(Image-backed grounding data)
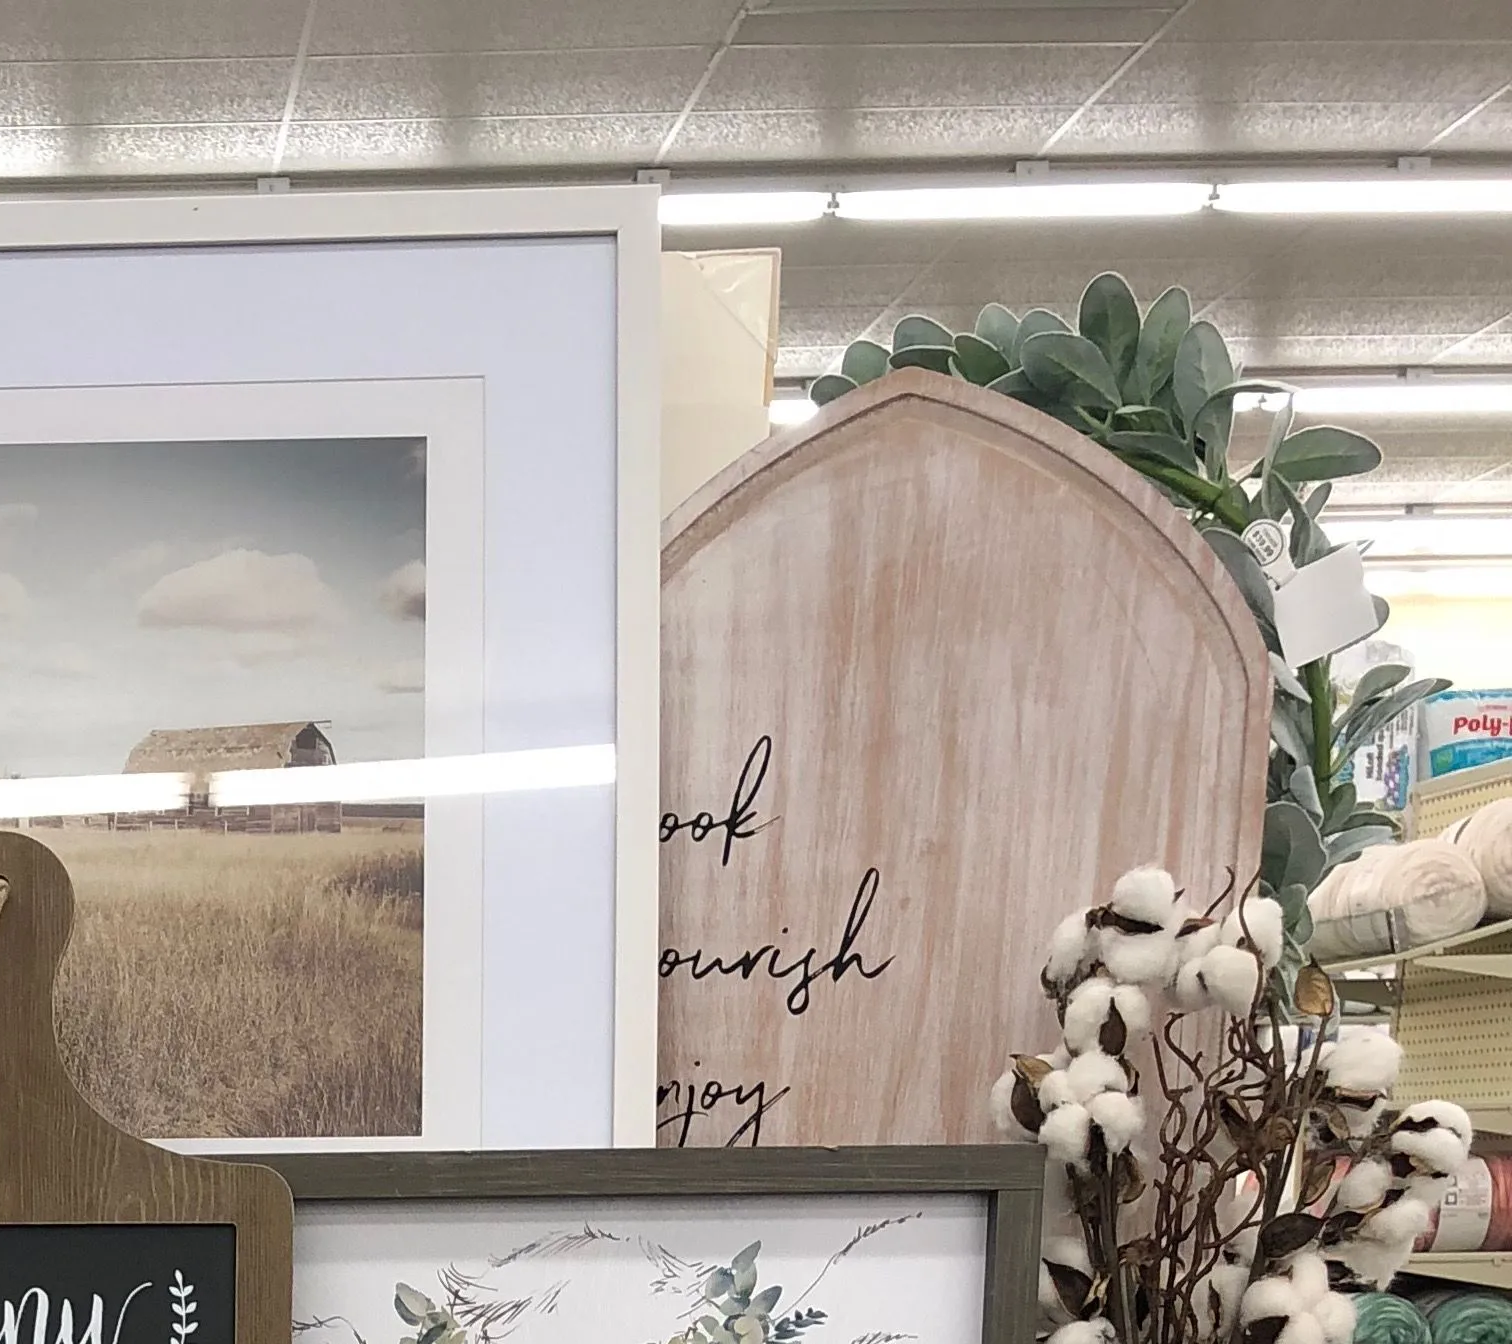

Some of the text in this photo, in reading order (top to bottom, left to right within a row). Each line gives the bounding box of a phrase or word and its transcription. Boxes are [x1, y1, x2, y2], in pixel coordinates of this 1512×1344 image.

[1453, 714, 1512, 736] Poly-
[659, 735, 781, 867] ook
[658, 867, 896, 1016] ourish
[656, 1060, 791, 1148] njoy

_Required action_
Reproduce every record word for word. The copy must contain no pictures.

_Result below_
Some of the text in this photo, in reading order (top to bottom, left to right within a row). Each line gives the bounding box of a phrase or word and its transcription. Boxes are [x1, y1, x2, y2], in pixel coordinates of this 1512×1344 image.

[1453, 714, 1512, 736] Poly-
[659, 735, 781, 867] ook
[658, 867, 896, 1016] ourish
[656, 1060, 791, 1148] njoy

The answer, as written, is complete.